• **The task**: The entries that follow need to be printed exactly as they are, minus any pictures.

:: Data section

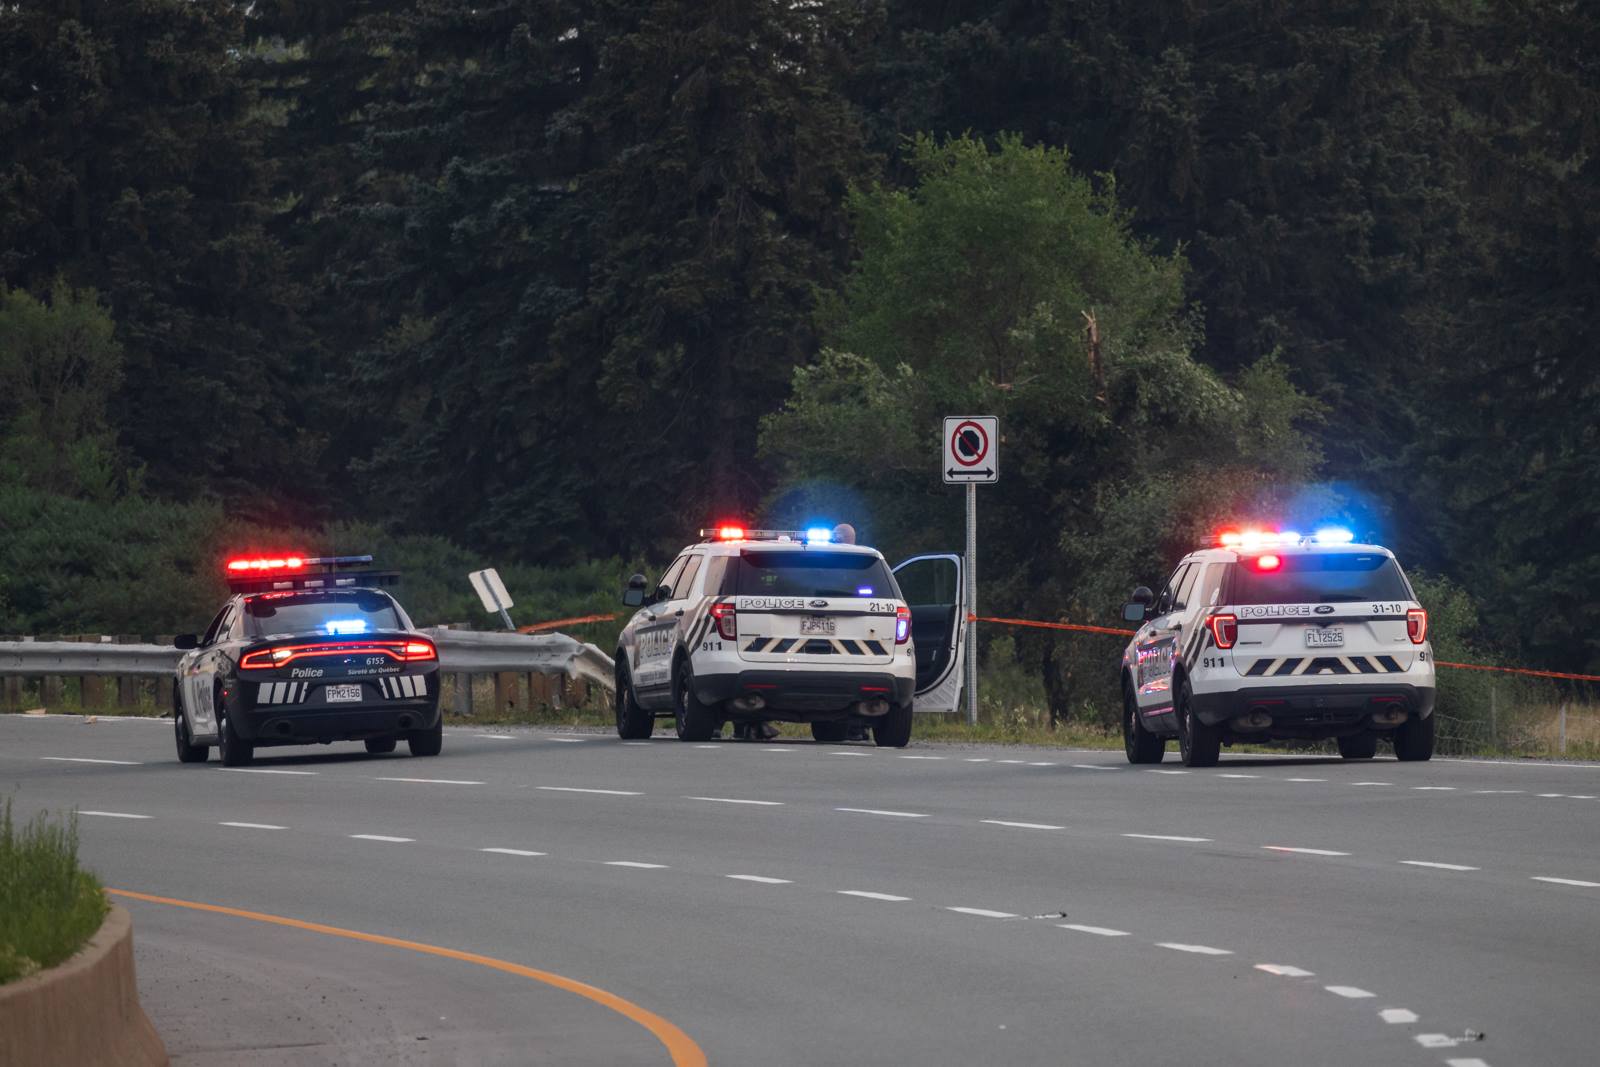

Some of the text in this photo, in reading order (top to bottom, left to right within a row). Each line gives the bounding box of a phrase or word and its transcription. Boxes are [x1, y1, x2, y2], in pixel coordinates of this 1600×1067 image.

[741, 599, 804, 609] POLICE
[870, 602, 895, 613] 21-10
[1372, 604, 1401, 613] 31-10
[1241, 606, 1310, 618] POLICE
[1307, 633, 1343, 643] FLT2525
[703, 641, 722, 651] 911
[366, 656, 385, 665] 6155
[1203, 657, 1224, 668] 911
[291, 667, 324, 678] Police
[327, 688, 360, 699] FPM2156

::::

• **Reply to the task**:
Some of the text in this photo, in reading order (top to bottom, left to right within a row). Each line gives the bounding box of a phrase or word and its transcription. Boxes are [x1, y1, x2, y2], in pixel coordinates of this 1600×1067 image.

[741, 599, 804, 609] POLICE
[870, 602, 895, 613] 21-10
[1372, 604, 1401, 613] 31-10
[1241, 606, 1310, 618] POLICE
[1307, 633, 1343, 643] FLT2525
[703, 641, 722, 651] 911
[366, 656, 385, 665] 6155
[1203, 657, 1224, 668] 911
[291, 667, 324, 678] Police
[327, 688, 360, 699] FPM2156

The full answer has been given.